Single Women Need Not Fear Submission

Few things are quite as daunting for a single woman as the prospect of being called to submit to a man she doesn’t even know yet.

Will it mean being constantly overruled in decision-making? Will it mean that we are ordered around? Will we lose our real identity and freedom?

Indignation Feeds on Fear

Some single women may protest the idea that one day we should be called to submit to a husband. Is he inherently more qualified to lead? Why should I give up my independence? If men and women are equal in value, why should our roles be any distinct?

At the heart of our objections — at least for those of us who have yet to confront these issues in a serious relationship — is simply fear. We’re afraid that once we enter into marriage, we’ll find ourselves forced into sacrificing our unique opinions, dreams, goals, and personalities. It’s one thing to take these fears seriously and address them. It’s often easier simply to throw away the idea of submission altogether. Our fears are relieved, and we don’t have to admit that the problem is in us.

But when we invalidate our fears in this way, whether we realize it or not, we’re also validating a lie. Satan loves to distort our view of Christ and his love and, therefore, wants to warp our views of marriage. When we believe that our future submission to our husband’s authority is arbitrary, cruel, or oppressive, we inadvertently swallow the lie that God’s authority over our lives is arbitrary, cruel, and oppressive. But that could not be farther from the truth.

If we marry an unbelieving or ungodly man, we shouldn’t expect him to love us like Christ loves the church. But if we marry a man with a heart submitted to God’s, we need not fear submitting to him. If we are afraid of what submission to godly authority might take from us, our response should not be first to challenge the authority, but to examine our fears. When Paul says husbands are to love their wives the way Christ loves the church (Ephesians 5:25), he gives us a portrait of the type of man we should someday marry, and submit to, in our part of imaging the relationship between Christ and his church (Ephesians 5:22–23).

Submission’s Call: Receive Love

Our submission to God should shape our view of submission to a husband. Keeping a correct perspective of God’s love is the greatest source of empowerment for women, and it gives us a clear picture for what submission means for us as future wives.

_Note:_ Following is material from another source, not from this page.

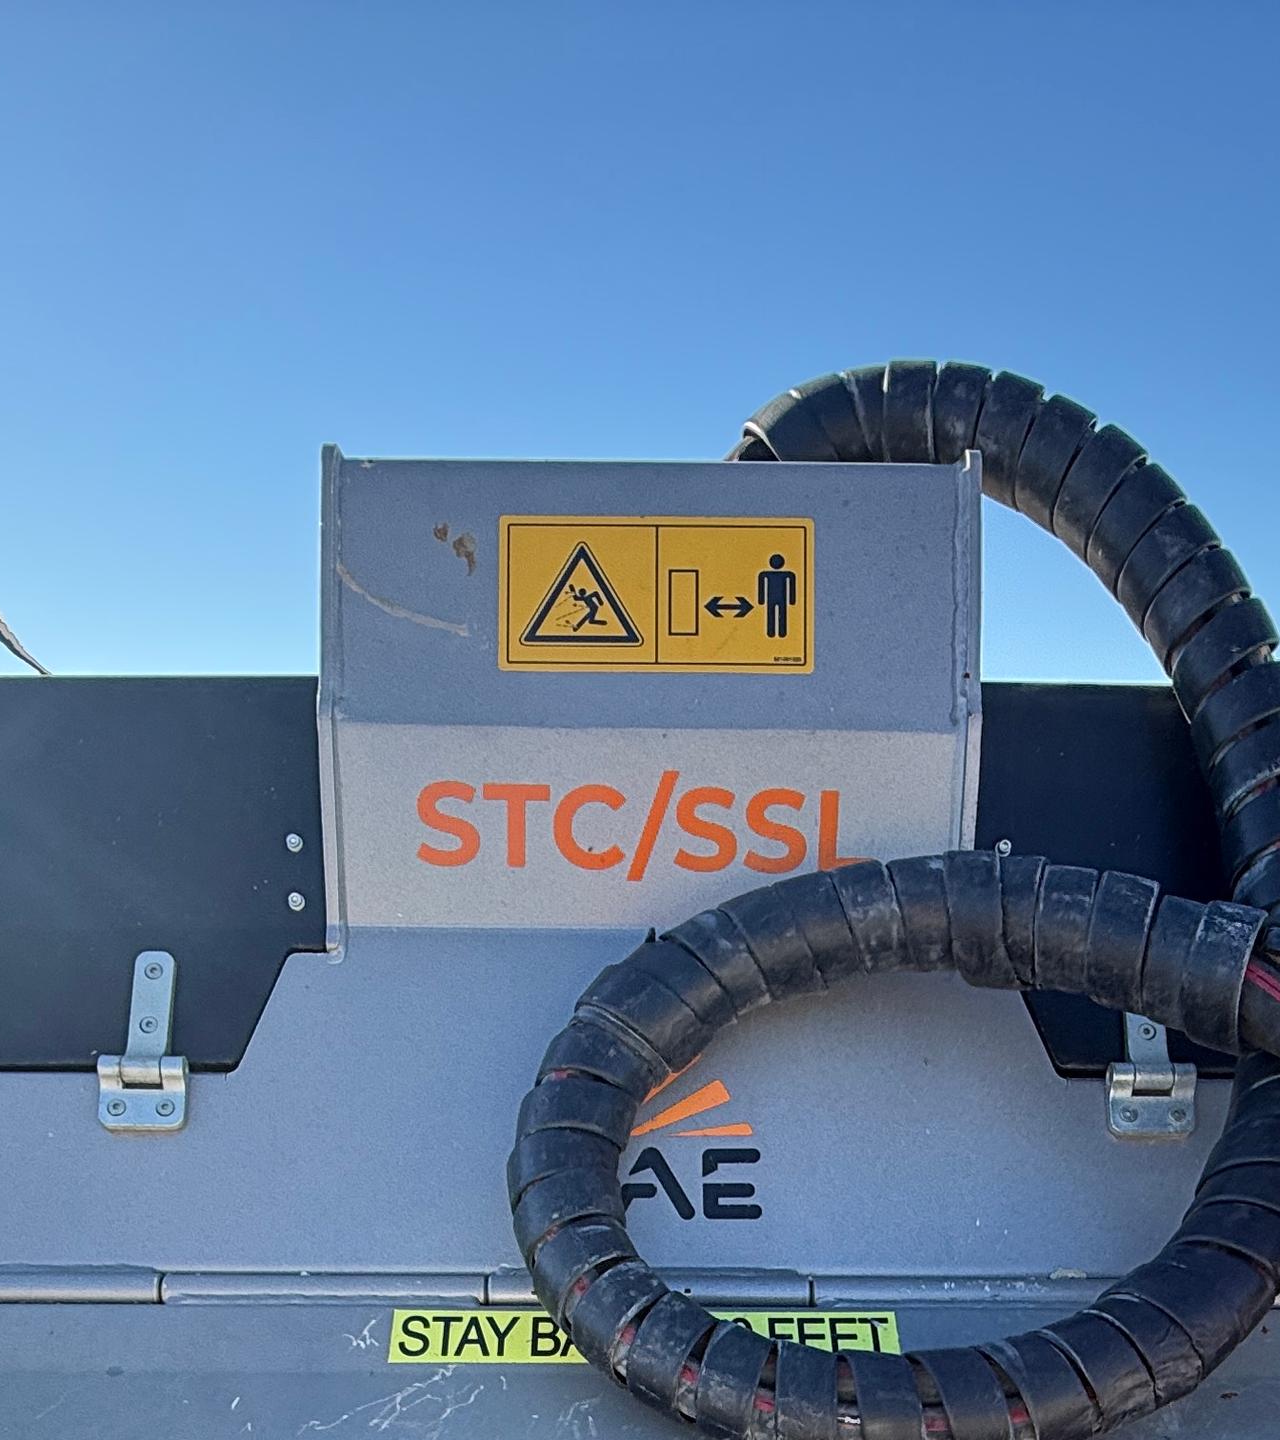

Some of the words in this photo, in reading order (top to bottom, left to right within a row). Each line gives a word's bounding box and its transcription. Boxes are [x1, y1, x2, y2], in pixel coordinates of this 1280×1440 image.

[415, 769, 879, 881] STC/SSL
[621, 1147, 763, 1220] AE
[398, 1315, 520, 1357] STAY

The command for husbands to love like Christ is not small or insignificant. Christ’s love is not meant to demean, devalue, or hold us back. It gives us freedom, protection, direction, and provision. It is for our good, not our harm (Jeremiah 29:11). This is the kind of love we are called to graciously embrace in a husband’s leadership.

Christlike Love Is Kind

Christ’s love is gentle and kind, and this is what he commands of husbands (Colossians 3:19; 1 Peter 3:7). Christ convicts his church through kindness and exhortation, not shame or judgment (Romans 2:4), since he has removed the curse of the law’s judgment (Galatians 3:13). He speaks sweetly to us, to bring us to himself. Christlike love chooses kindness in exercising authority, to ultimately pursue, nurture, and strengthen the relationship.

Christlike Love Is Full of Grace

Paul’s command is clear, as he compares a husband’s love to Christ’s love. The foundation of God’s love and Christ’s sacrifice is grace (Romans 3:24), which we cannot earn and do not deserve. When we fall short of who we’re supposed to be — as we will daily — Christlike love draws us back to truth and welcomes us with open arms. It does not keep a record of our wrongs, and it is quick to rejoice when we turn from sin (1 Corinthians 13:5–6).

Christlike Love Is Servant-Hearted

Christ came to this world to serve (Matthew 20:28).

When we submit to a husband’s Christlike leadership, we follow someone who desires what is best for others, by placing them above what may be more comfortable for himself. He pursues God’s will above his own (Luke 22:42).

Christlike Love Brings Freedom

As followers of Christ, we have freedom through Christ, as we live out God’s will for our lives according to his word (Galatians 5:1). Christlike love reinforces the freedom that Christ won for us. A husband’s desire should be that we would live according to God’s command, pursuing his call on our life, and committing to use the time and abilities God has given us not as slaves, but as children of God who have been set free.

Submission to godly authority is not enslaving. In fact, the most freeing marriage is one in which we are led in the law of Christ (1 Corinthians 9:21), able to walk obediently in the freedom that is in him (Galatians 5:1).

Free to Submit Without Fear

Everything God has commanded is designed to bring him honor and to bring us joy. Following his commands and receiving his love, including the love he gives through a husband, will not always be easy. Our sin continually gets in the way. But God has shown us it is good, and it is for our good.

If the Bible’s vision of complementarian marriage produces fear in you, attack your fears by resting on the goodness, grace, and security of Christ. These will never change and, with God’s help, your future husband can come more and more to reflect these virtues as he leads you. When we accept our God-ordained role in nurturing and affirming godly leadership, we contribute to a beautiful, unique display of God’s love. We stand up to the world and choose to make an eternal impact through something temporary.

If you marry a man committed to this Christ and this gospel and this God-given vision for marriage, you need not fear. This kind of sacrificial love and loving submission is something to be celebrated.